Still, experts like Albright are troubled by recent developments with Iran. He tells CFR.org’s Bernard Gwertzman the UN Security Council effort to press for an Iranian freeze is weakening even while Iranian defiance stiffens. Iran is assisted by its main backer on the Council, Russia, which has sought to divert any sort of punitive measures against Tehran. The Council’s mixed record in using targeted sanctions to influence behavior is explored in this new Backgrounder.
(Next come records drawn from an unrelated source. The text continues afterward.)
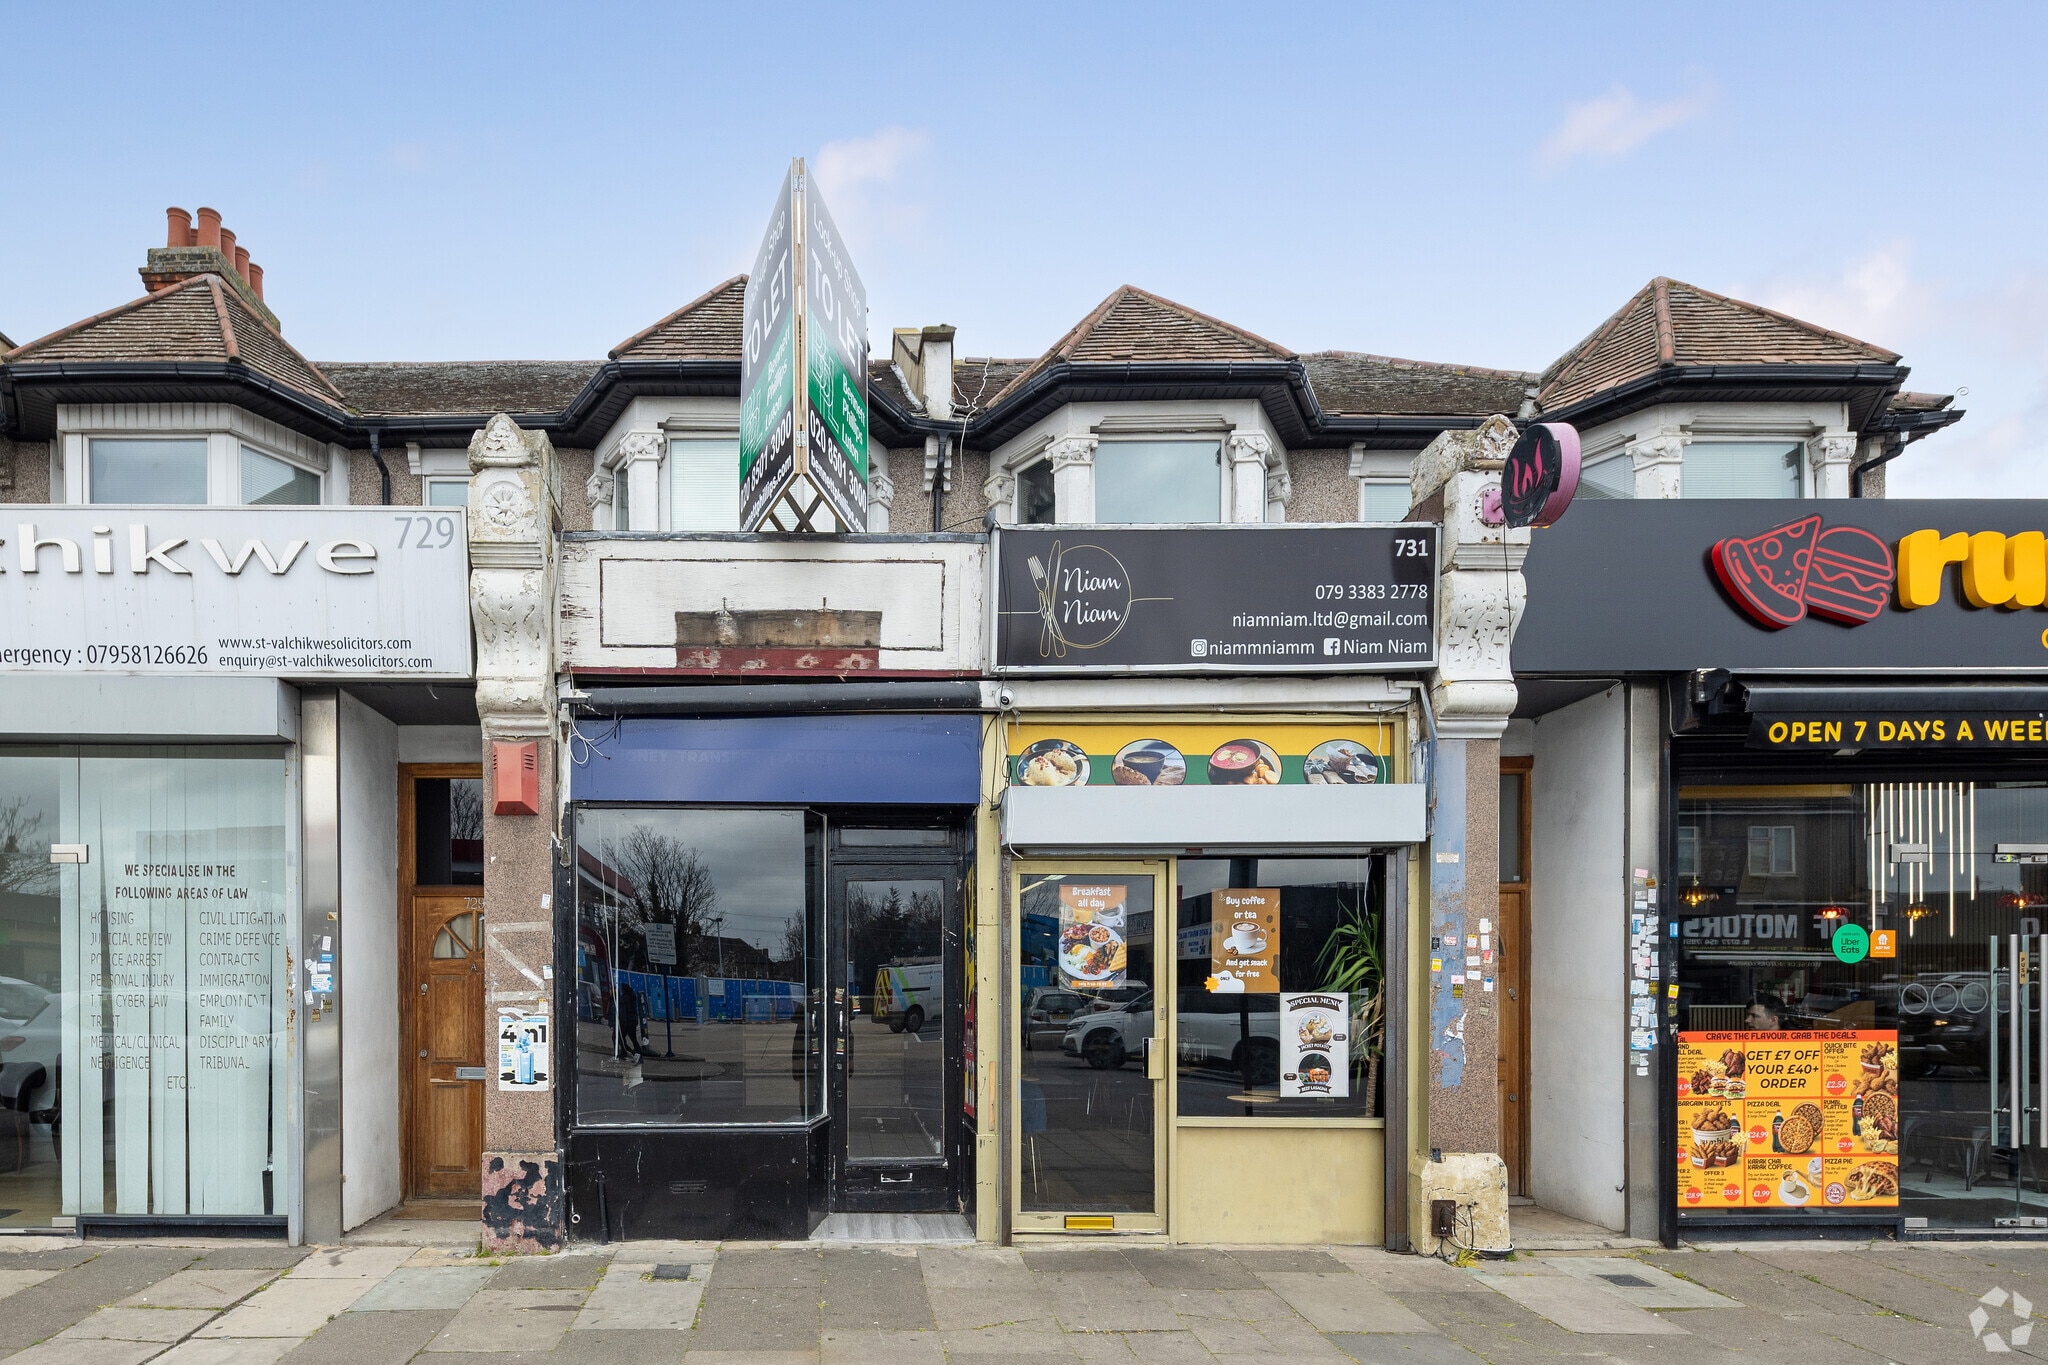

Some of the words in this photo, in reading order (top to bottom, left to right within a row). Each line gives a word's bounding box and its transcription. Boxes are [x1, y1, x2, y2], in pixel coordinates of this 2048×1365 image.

[768, 210, 785, 260] Shop
[745, 319, 760, 378] TO
[763, 248, 788, 341] LET
[811, 249, 833, 321] TO
[838, 299, 863, 377] LET
[751, 445, 768, 491] 8501
[770, 410, 791, 461] 3000
[810, 410, 826, 453] 020
[827, 437, 846, 485] 8501
[848, 470, 866, 513] 3000
[394, 517, 455, 550] 729
[0, 524, 377, 575] hikwe
[1395, 539, 1429, 557] 731
[1898, 529, 2048, 609] ru
[1063, 567, 1122, 593] Niam
[1316, 584, 1344, 600] 079
[1348, 584, 1386, 600] 3383
[1390, 584, 1428, 600] 2778
[1063, 599, 1122, 625] Niam
[1232, 611, 1428, 629] niamniam.ltd@gmail.com
[218, 636, 412, 650] www.st-valchikwesolicitors.com
[1210, 640, 1315, 656] niammniamm
[1344, 640, 1383, 655] Niam
[1388, 640, 1427, 655] Niam
[87, 645, 208, 664] 07958126626
[219, 655, 433, 669] enquiry@st-valchikwesolicitors.com
[1768, 721, 1842, 743] OPEN
[1854, 721, 1867, 742] 7
[1878, 721, 1946, 742] DAYS
[1956, 721, 1974, 741] A
[1983, 720, 2048, 741] WEE
[125, 864, 140, 877] WE
[142, 864, 200, 877] SPECIALISE
[203, 865, 213, 877] IN
[216, 865, 235, 877] THE
[115, 887, 172, 899] FOLLOWING
[176, 887, 208, 900] AREAS
[212, 887, 224, 900] OF
[227, 887, 248, 900] LAW
[1072, 887, 1111, 896] Breakfast
[1078, 899, 1088, 907] all
[1090, 898, 1105, 910] day
[1226, 896, 1240, 907] Buy
[1242, 896, 1265, 905] coffee
[200, 912, 227, 925] CIVIL
[1244, 910, 1257, 919] tea
[136, 932, 172, 946] REVIEW
[200, 932, 231, 946] CRIME
[235, 932, 280, 946] DEFENCE
[1841, 938, 1860, 946] Uber
[91, 953, 123, 966] POCE
[127, 953, 162, 966] ARREST
[200, 953, 260, 966] CONTRACTS
[1239, 959, 1250, 968] get
[91, 974, 138, 987] PESONAL
[142, 974, 174, 987] INJURY
[200, 974, 269, 987] IMMIGRATION
[1235, 970, 1245, 978] for
[1246, 970, 1260, 978] free
[116, 994, 145, 1007] CYBER
[1290, 997, 1319, 1007] SPECIAL
[91, 1015, 120, 1028] TRT
[200, 1015, 234, 1028] FAMILY
[1706, 1032, 1732, 1040] CRAVE
[1734, 1032, 1750, 1040] THE
[1751, 1032, 1789, 1040] FLAVOUR.
[1746, 1051, 1772, 1060] GET
[1775, 1051, 1791, 1060] £7
[1794, 1050, 1820, 1060] OFF
[200, 1056, 250, 1069] TRIBUNA
[1748, 1065, 1784, 1074] YOUR
[1787, 1064, 1819, 1074] £40+
[1760, 1079, 1806, 1088] ORDER
[1753, 1190, 1770, 1198] £1.99
But most U.S. policymakers say there is still time for diplomacy. The permanent members of the UN Security Council and Germany continue to debate whether sanctions should be used to pressure Iran. CFR Fellows Lee Feinstein and Michael A. Levi suggest shifting the focus off the Security Council, which remains divided, and back on the transatlantic partnership. “Europe should commit itself to imposing more sanctions outside the United Nations,” they write in the International Herald Tribune. “In return, America should agree to enter unconditional negotiations with Iran.” This idea received a boost last week after President Bush picked Robert M. Gates, an intelligence veteran who chaired a 2004 CFR Task Force report advocating direct negotiations with Iran, to succeed Donald Rumsfeld as defense secretary.
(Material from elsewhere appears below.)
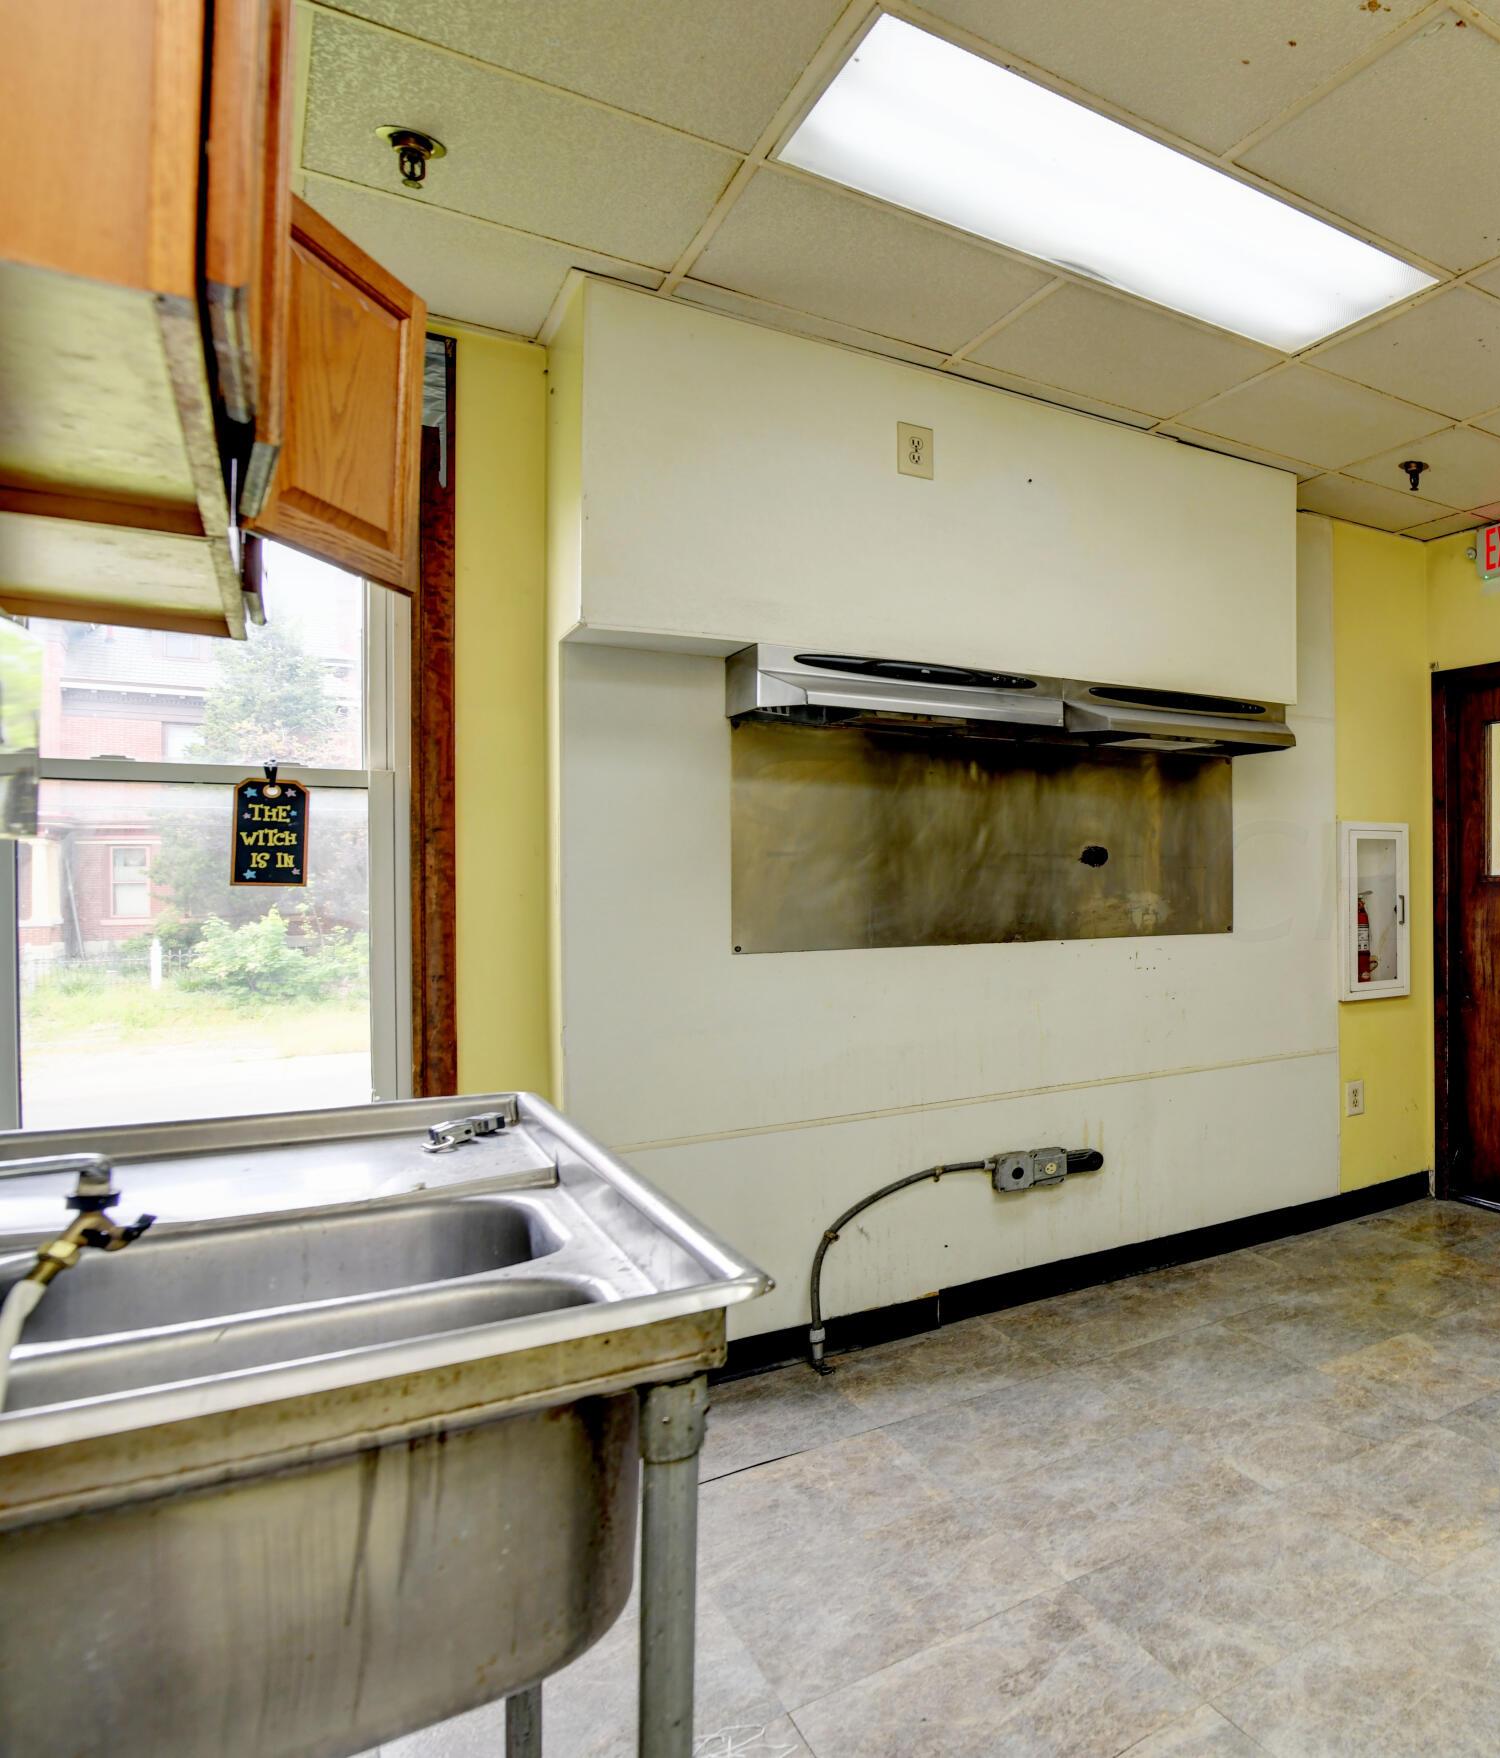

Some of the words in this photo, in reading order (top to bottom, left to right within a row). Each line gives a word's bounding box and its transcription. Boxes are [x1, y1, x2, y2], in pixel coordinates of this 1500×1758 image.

The IAEA report also comes on the heels of Israeli Prime Minister Ehud Olmert’s visit to Washington. Olmert sought to reaffirm the White House’s commitment to preventing Tehran from aquiring nuclear weapons. His deputy defense minister, Ephraim Sneh, made news last week by voicing his belief that military action is “sometimes the only resort.” Olmert also called for “one voice” on Iran’s nuclear ambitions and warned the world would “enter a new era of instability (AP) unlike any the world has ever seen.” Some Israelis say their proxy war with Hezbollah earlier this year may foreshadow a larger conflict ahead. “Things would have been quite different if Hezbollah’s patron had already been armed with nuclear weapons and the means to deliver them,” writes Ze’ev Schiff in Foreign Affairs. Still, most experts do not believe a military option, by either Israel or the United States, exists that would prevent Iran from building a bomb.